5. Confused Deputy: Missing ExternalId

If you create a cross-account role for a third party without requiring an ExternalId, another customer of that third party could potentially provide your account ID and trick the service into accessing your resources. Always require sts:ExternalId in the trust policy condition for any role assumed by third-party services.

Best Practices

  • Never hardcode credentials. Use IAM roles for EC2, Lambda, and ECS. Use environment variables or AWS profiles for local development. If you find access keys in source code, rotate them immediately.

  • Enforce MFA for human users. Create an IAM policy that denies all actions except iam:ChangePassword and MFA management unless aws:MultiFactorAuthPresent is true. Apply this to all human IAM users without exception.

  • Use permission boundaries for delegated administration. When developers can create their own Lambda roles, set a permission boundary that prevents privilege escalation. This way, a developer cannot create a role more powerful than their own.

  • Rotate access keys on a schedule. If you must use IAM user access keys (for legacy systems or third-party integrations), rotate them every 90 days. Use iam:CreateAccessKey and iam:DeleteAccessKey to automate the rotation in a Lambda function.

  • Tag everything. Apply tags to roles, users, and policies with metadata like Team, Application, Environment, and CostCenter. Tags enable attribute-based access control (ABAC) and make auditing significantly easier.

  • Use IAM Access Analyzer continuously. Enable Access Analyzer in every region you operate in. Review findings weekly. Use policy validation before deploying new policies to catch issues before they reach production.

  • Prefer managed policies over inline policies. Managed policies are reusable, versionable, and have a central view. Inline policies are harder to audit and cannot be shared between principals.

  • Implement SCPs in AWS Organizations.
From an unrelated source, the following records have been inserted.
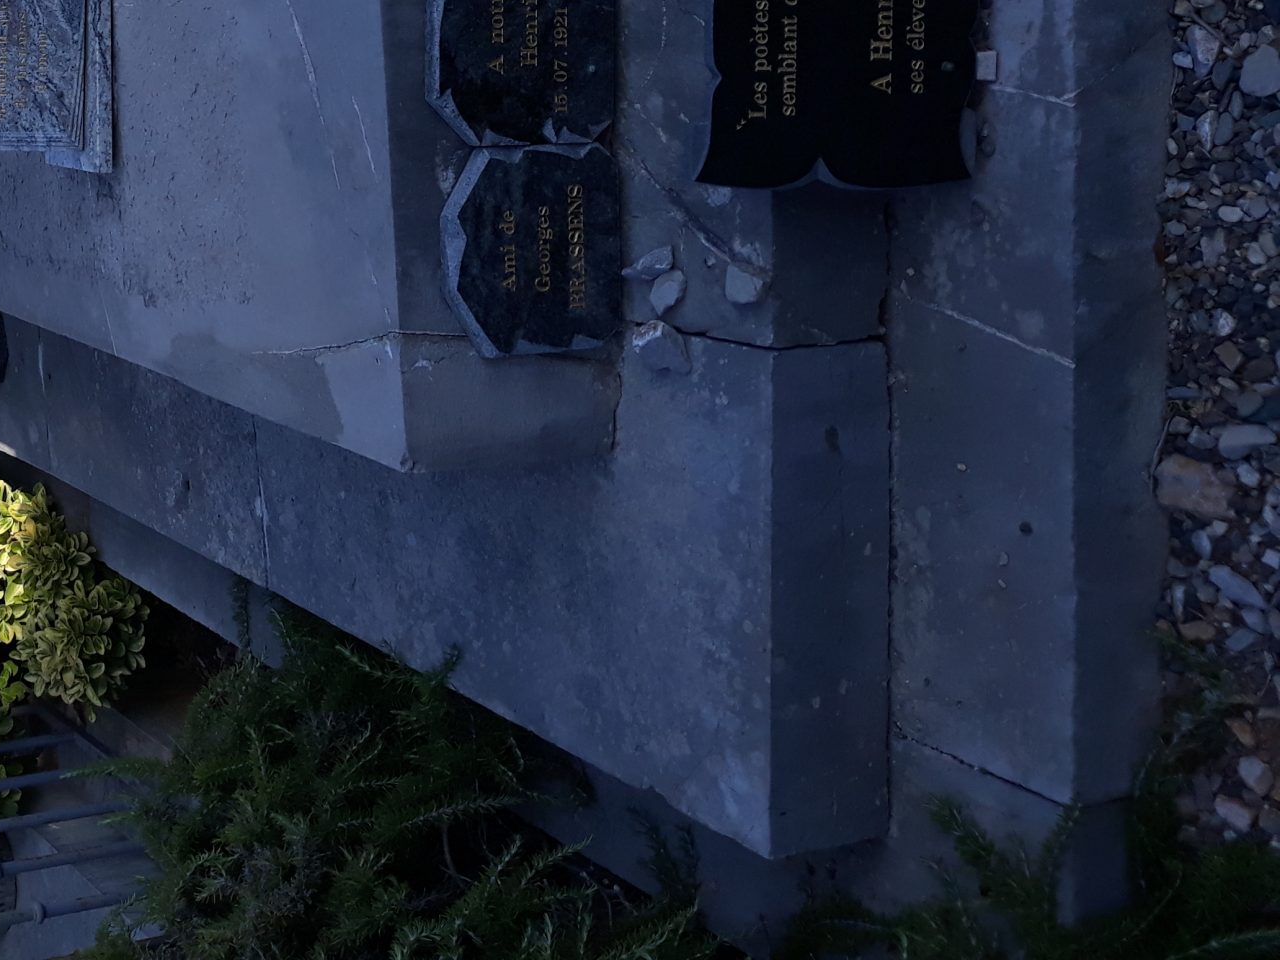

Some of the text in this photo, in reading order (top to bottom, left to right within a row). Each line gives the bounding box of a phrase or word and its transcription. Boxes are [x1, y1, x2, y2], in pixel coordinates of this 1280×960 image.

[488, 55, 504, 75] A
[748, 0, 772, 72] poètes
[778, 15, 798, 117] semblant
[870, 72, 892, 95] A
[908, 59, 925, 94] ses
[499, 210, 516, 291] Ami de
[535, 206, 553, 292] Georges
[568, 184, 586, 310] BRASSENS
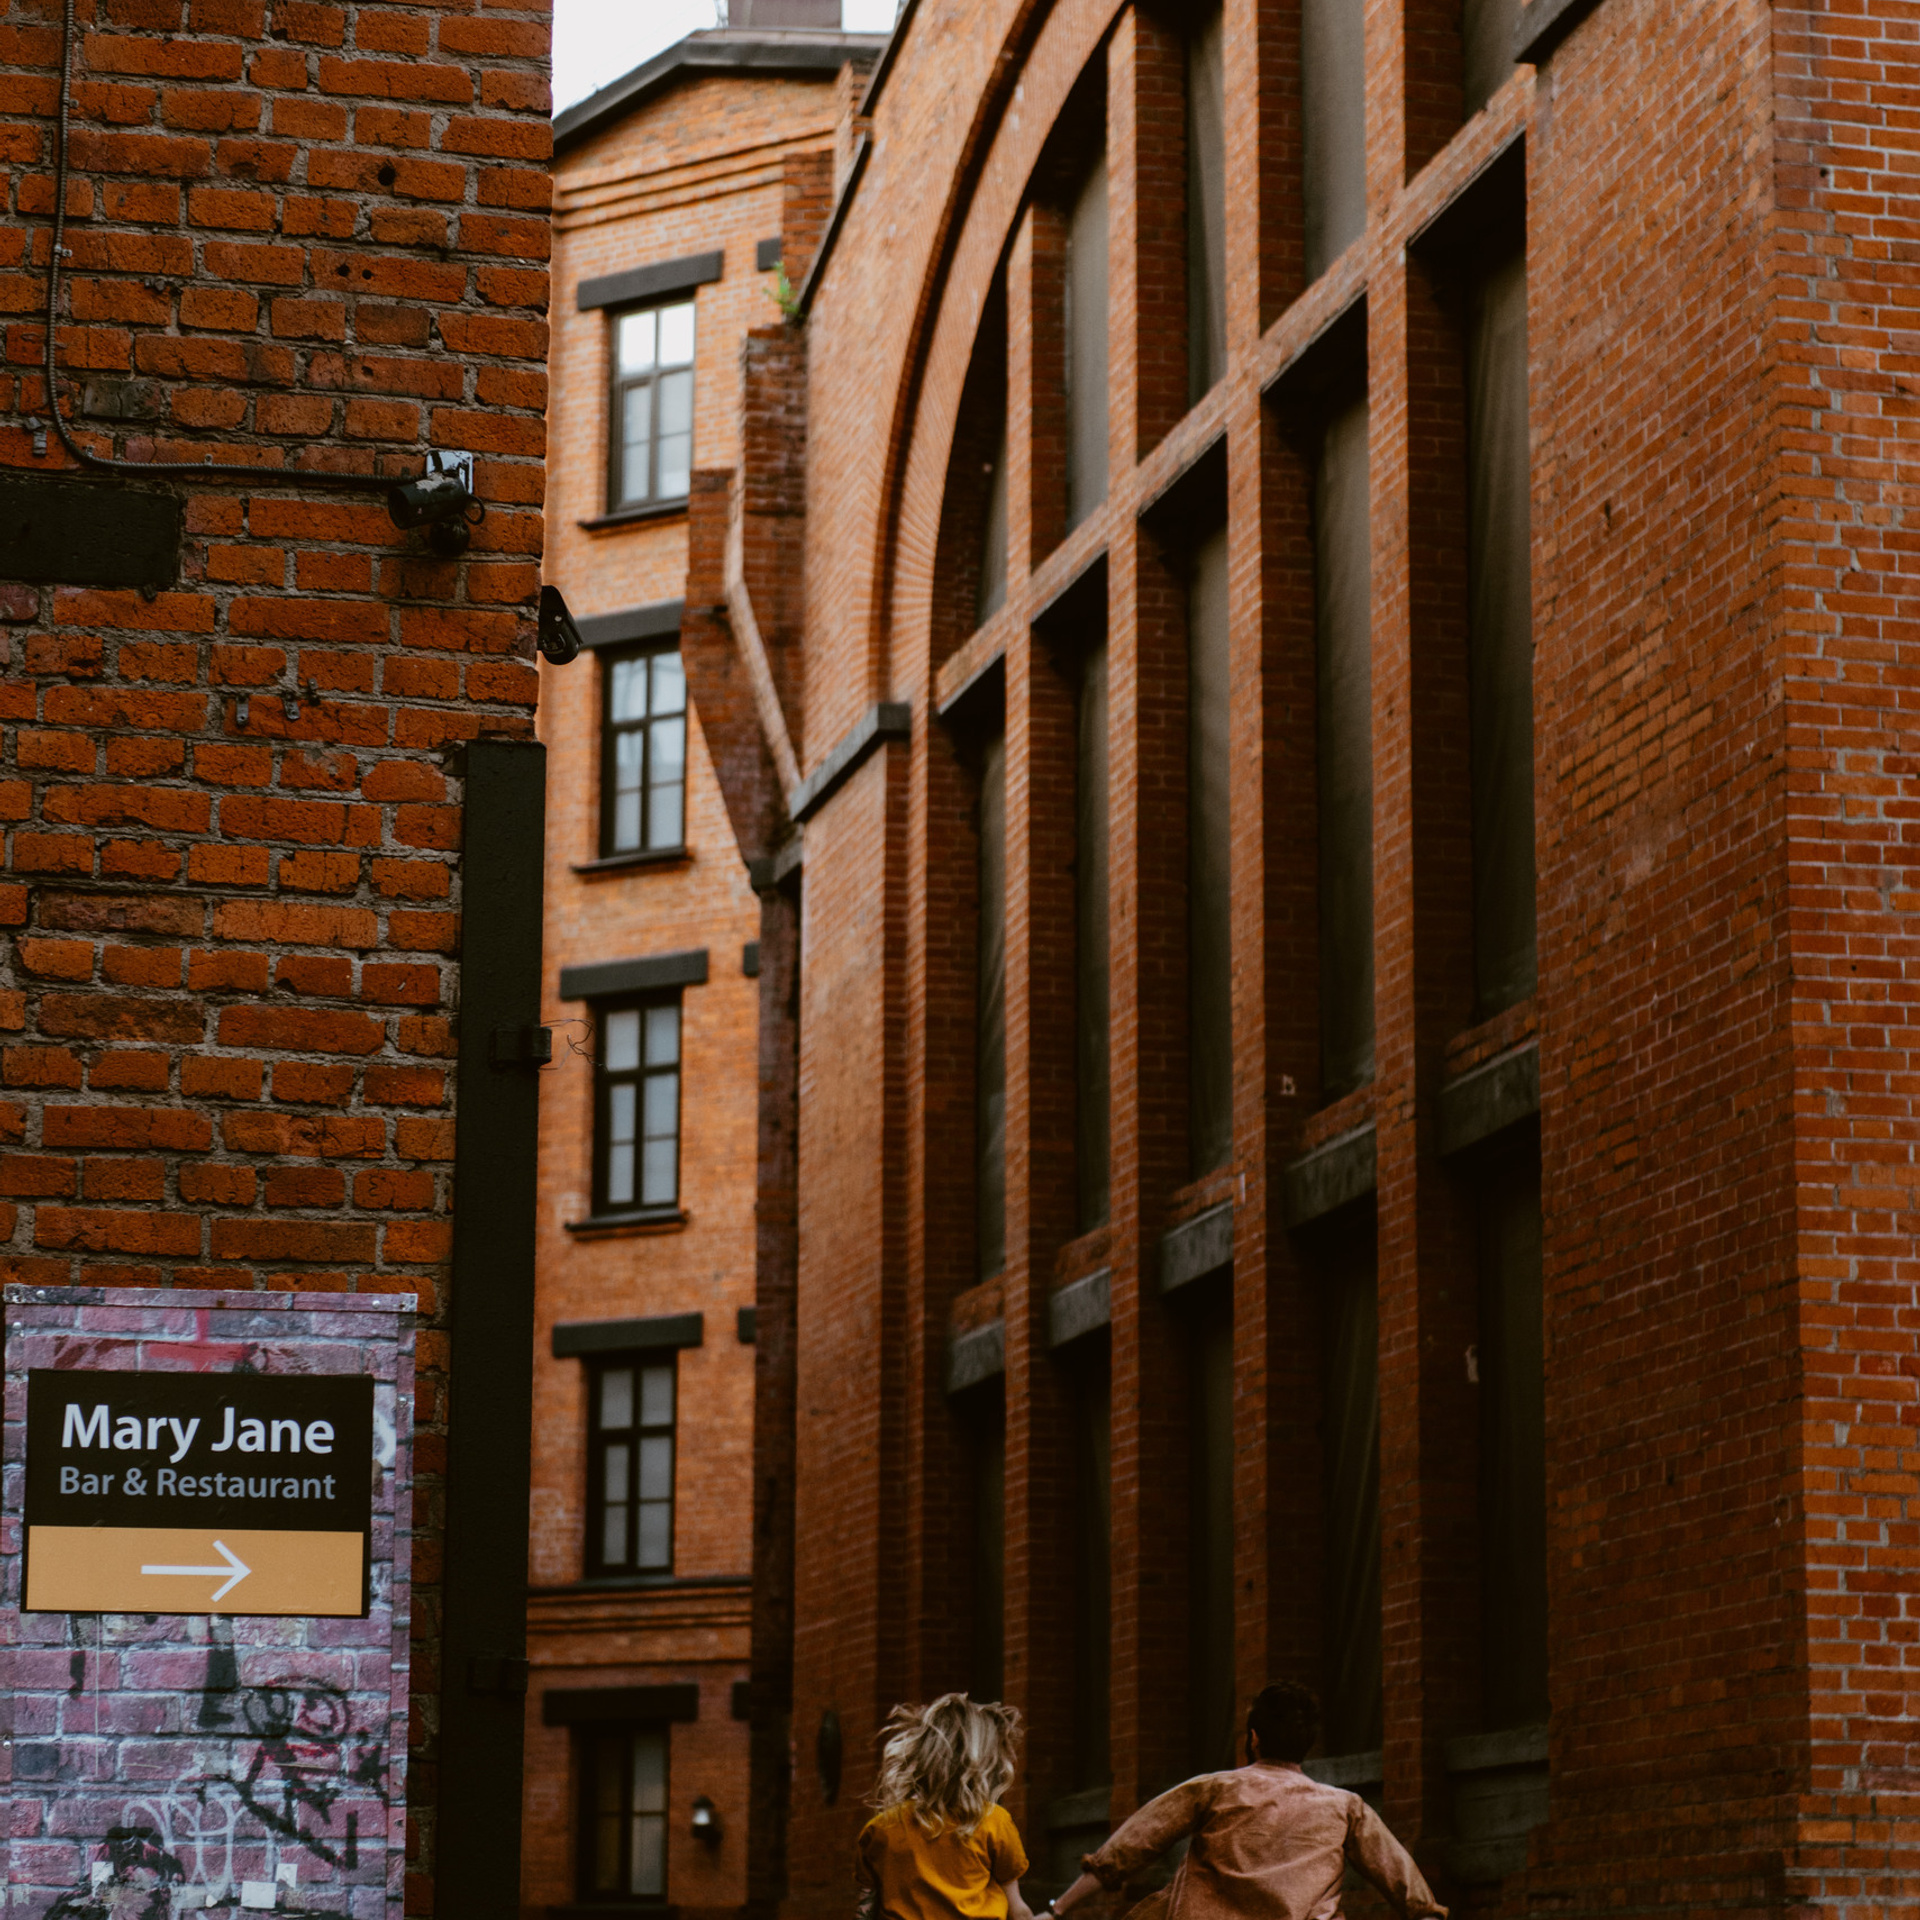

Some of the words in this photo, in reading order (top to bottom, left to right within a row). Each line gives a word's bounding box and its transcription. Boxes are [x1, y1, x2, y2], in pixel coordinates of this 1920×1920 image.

[61, 1403, 200, 1463] Mary
[211, 1406, 335, 1453] Jane
[60, 1466, 114, 1495] Bar
[122, 1468, 148, 1496] &
[157, 1468, 336, 1499] Restaurant
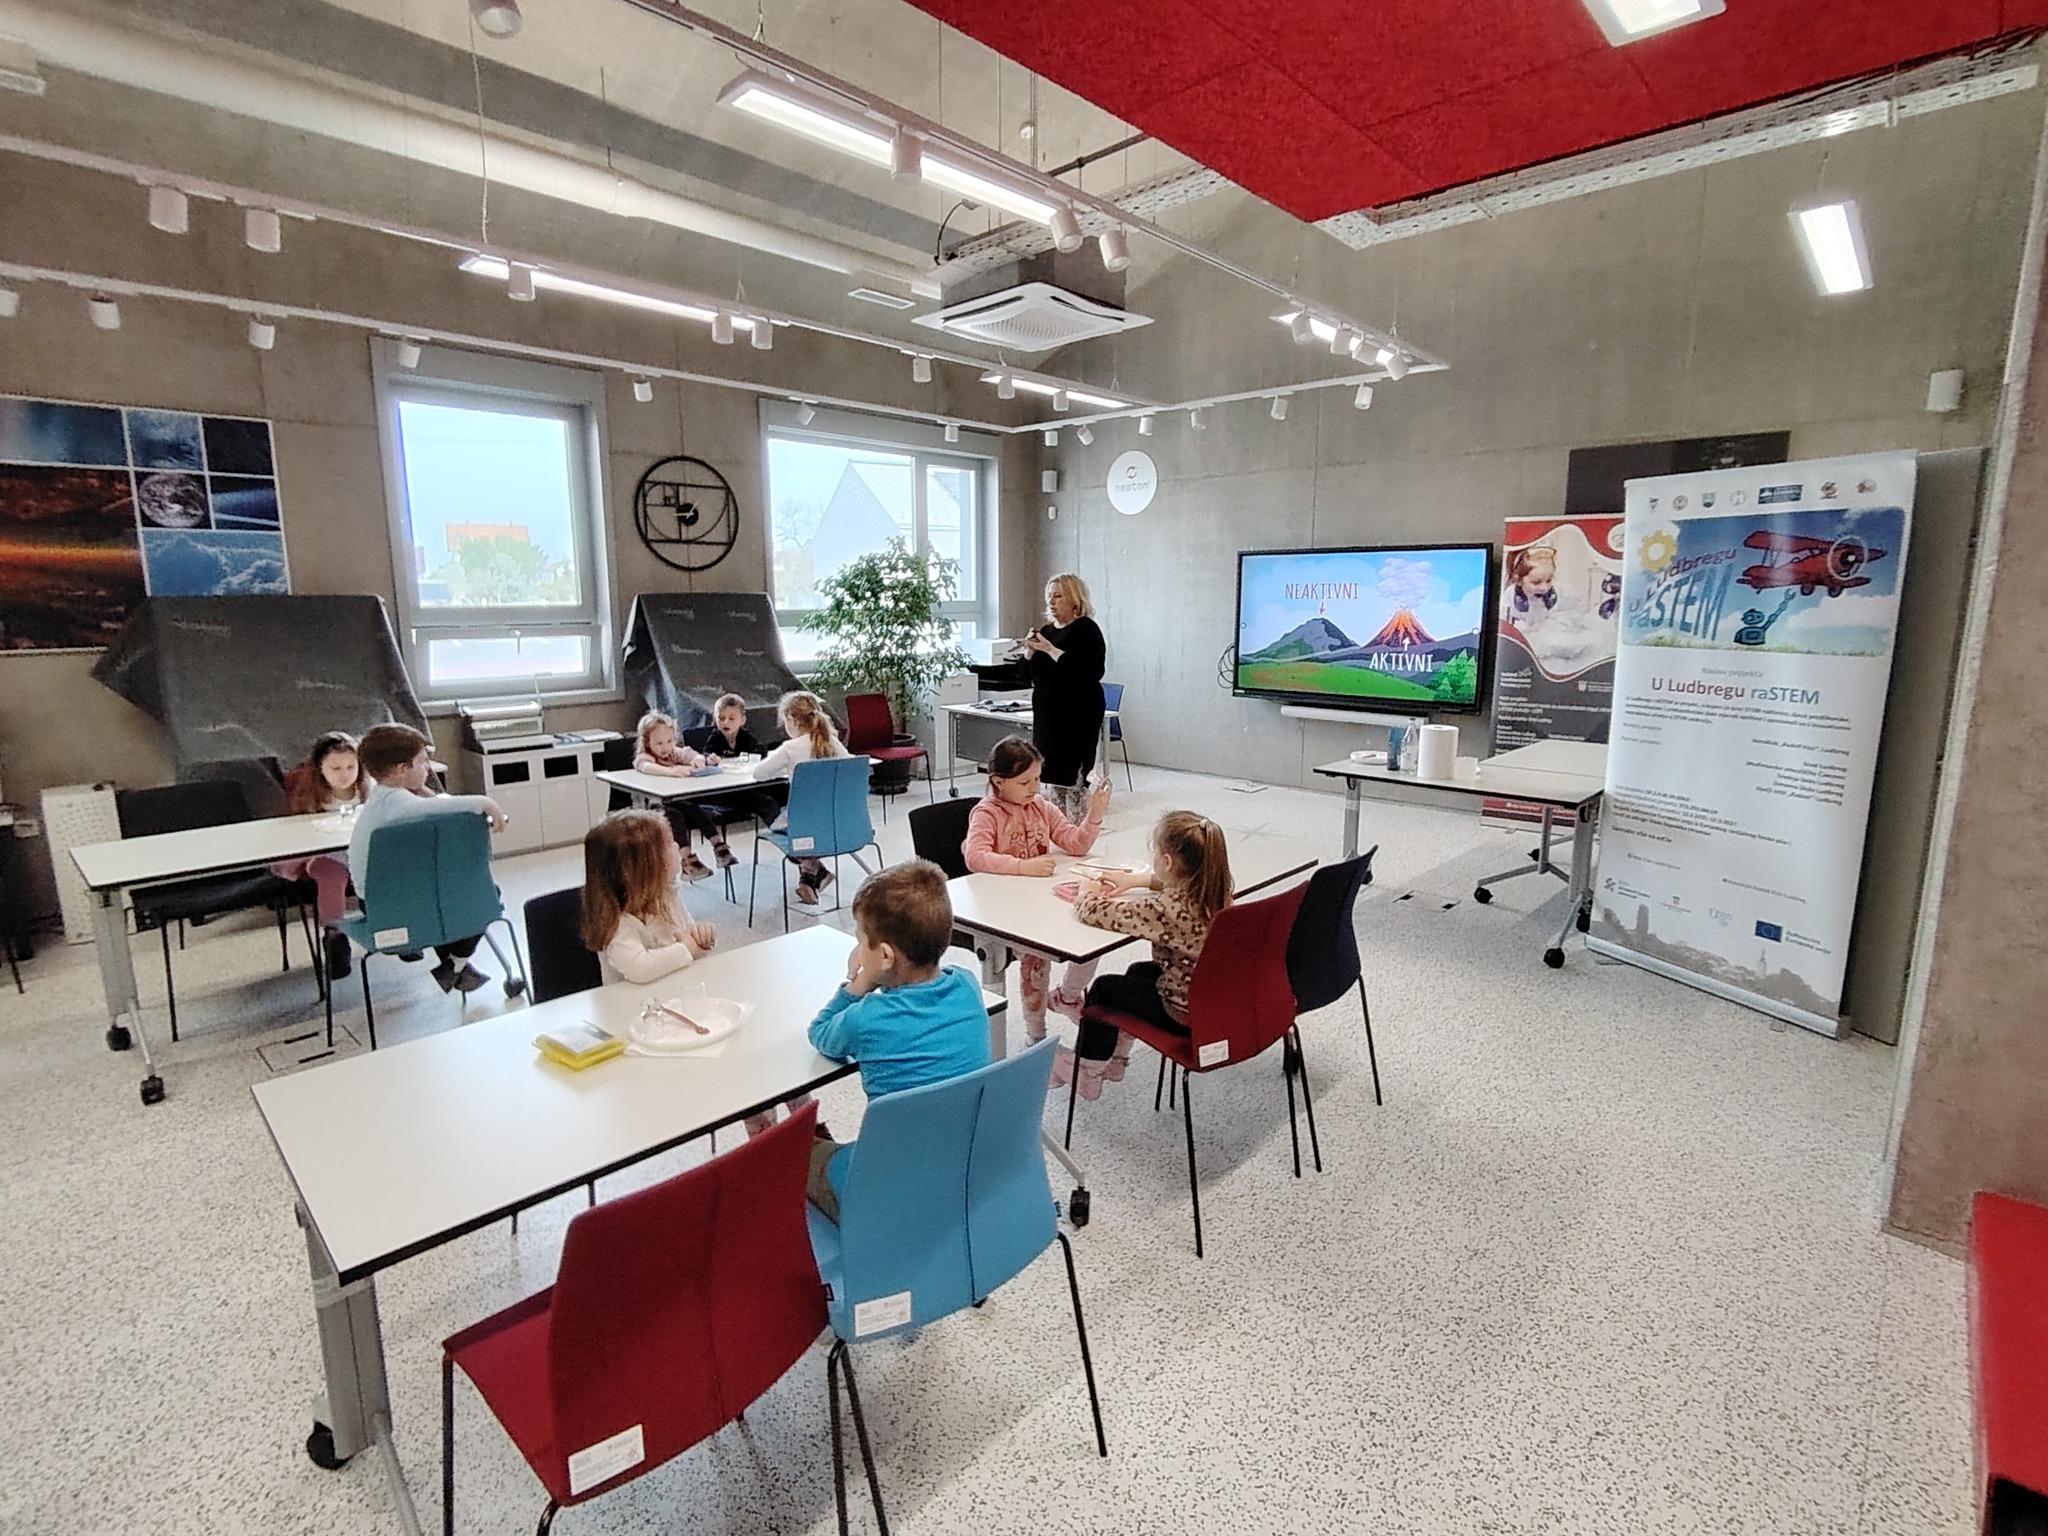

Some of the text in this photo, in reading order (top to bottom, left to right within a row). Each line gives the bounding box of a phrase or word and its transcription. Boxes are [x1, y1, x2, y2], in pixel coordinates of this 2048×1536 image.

[1285, 582, 1359, 600] NEAKTIVNI
[1369, 651, 1434, 673] AKTIVNI
[1652, 677, 1820, 705] U Ludbregu raSTEM
Even if you have a single account today, set up AWS Organizations and create SCPs. They provide a safety net that cannot be overridden by any IAM policy within the account, protecting against accidental or malicious privilege escalation.

  • Scope resource ARNs as tightly as possible. Instead of arn:aws:s3:::*, use arn:aws:s3:::my-app-prod-bucket/uploads/*. Every wildcard you remove is a blast radius you contain.

  • Monitor with CloudTrail and GuardDuty. CloudTrail logs every API call. GuardDuty flags anomalous behavior like API calls from unusual locations or credential exfiltration attempts. Together, they provide detection coverage that complements IAM's preventive controls.